Nie mogłam zasnąć. Przed oczami miałam ten cholerny uśmiech.
Zastanawiałam się co taki gość widział we mnie. Może niezły tyłek? Niestety nic
wyjątkowego w sobie nie miałam. Leżałam na łóżku, co chwilę przekręcając się z
boku na bok. Udało mi się dopiero zasnąć po 40 minutach męczarni. Obudził mnie
ten cholerny budzik. Za każdym razem kiedy on dzwoni, budząc mnie ze snu,
obiecuję sobie, że go wyrzucę przez okno. Poszłam do łazienki, gdzie wzięłam
szybki prysznic i umyłam głowę. Mimo, że byłam zwykłą dziwką to musiałam dbać o
siebie, bo to się podobało potencjalnym klientom, a wszystko co im się podobało
nagradzali dosyć wysokimi napiwkami. Ubrałam podarte rurki, biała bokserkę, a
na to bluzę bo w nocy robi się coraz chłodniej. Wyszłam z domu trzy razy
upewniając się, że zamknęłam za sobą drzwi na klucz, po czym ruszyłam w stronę
klubu. Jak zawsze przychodziłam jako jedna z pierwszych. Ubrałam się w swój
skąpy strój, a na to narzuciłam różowy szlafrok. Potem zaczęły się schodzić
dziewczyny. Jak co dzień był uśmiech i zwykłe „cześć”. W pracy rzadko
rozmawiałam z innymi dziewczynami, bo one miały już swoje utworzone grupki albo
były za bardzo zapatrzone w swoje odbicie w lustrze. Ja robiłam to dla
pieniędzy. Musiałam jakoś zarabiać na życie. Dzisiejszy dzień mijał strasznie
wolno, nawet i pracy. Występ za występem ,bieganie miedzy wieszakami, szukając
swojego stroju. Zakładając naszyjnik, zauważyłam, że kilka dziewczyn stoi za
kurtyną wpatrując się w jednego gościa. Zachowywały się tak jakby był to jedyny
facet na ziemi, który cokolwiek znaczy. Z czystej ciekawości zbliżyłam się do
nich, by popatrzeć na owego pana. Dupy nie urywał. Garnitur pewnie od
Armaniego, długie czarne włosy, oczy czarne jak węgielki i blado-trupia cera.

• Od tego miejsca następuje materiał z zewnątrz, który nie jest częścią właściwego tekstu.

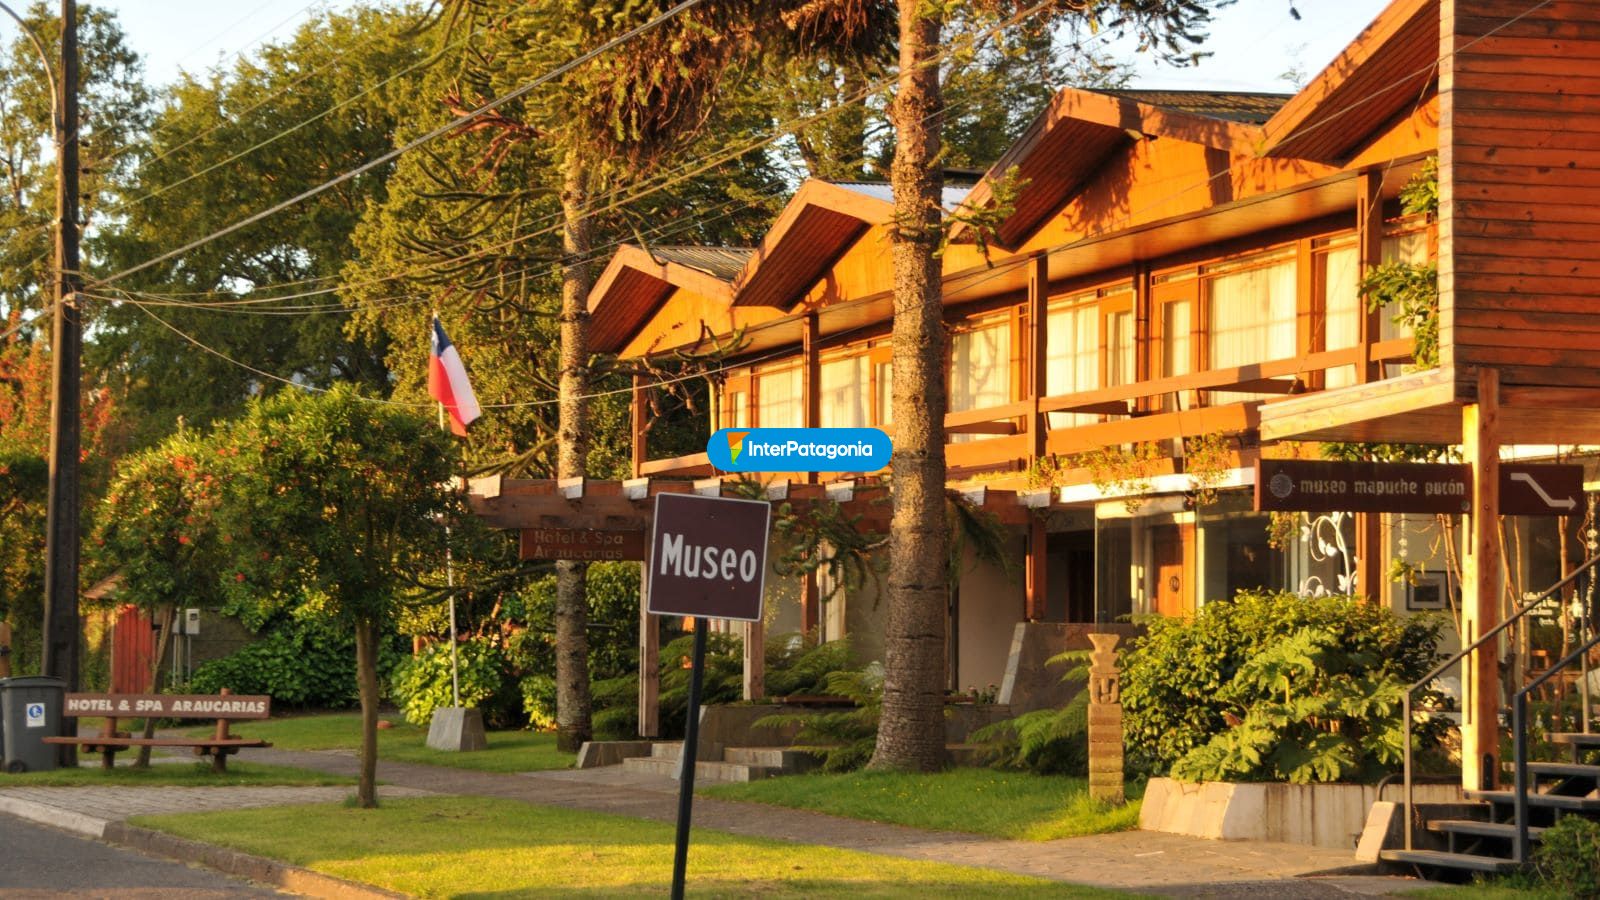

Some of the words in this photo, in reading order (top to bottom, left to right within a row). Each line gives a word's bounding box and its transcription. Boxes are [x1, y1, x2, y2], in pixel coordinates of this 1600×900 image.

Westchnęłam cicho wzruszając ramionami, przez co grupka dziewczyn odwróciła się
w moją stronę. Wiedziałam, że tym gestem rozpętałam kolejną wojnę światową.
-No co ? – uniosłam
brwi do góry, patrząc się na nie jak na wariatki – Przecież to zwykły facet
-Czy Ty zdajesz sobie sprawę kim on jest ? – warknęła jedna
w moją stronę, cała czerwona ze słości. Ja patrzyłam się na nią
zdezorientowana, może coś przeoczyłam, a może to jakiś ważny gość, który daje
sporo kasy dla klubu – To jest Itachi Uchicha. Pracownik jednej z najlepszych
firm technologicznych w Tokio, po za tym jego ojciec jest najlepszym prawnikiem
w naszym mieście. Czyli rodzina bardzo bogata, napiwki daję bardzo duże. Tylko
niestety bardzo rzadko, bo jest bardzo wybredny, jeżeli chodzi o panienki do
towarzystwa – uśmiechnęła się podle w moją stronę
-Więc nie masz o co się martwić. Ciebie na pewno nie
wybierze –dodała druga. Reszta grupki wybuchła śmiechem, po czym wróciły do
poprzedniego zajęcia. Wzruszyłam ramionami. Wisiało mi to kim on był i ile kasy
miał. Ja robiłam to co do mnie należało i tylko to się liczyło. Nadszedł
kolejny, a zarazem ostatni występ dzisiejszego wieczoru. Zaczynało się tak jak
zawsze. Światło w całym klubie zgasło. My wtedy miałyśmy czas aby wejść na
scenę z krzesłami i przygotować się do występu. Rozbłysły światła i muzyka.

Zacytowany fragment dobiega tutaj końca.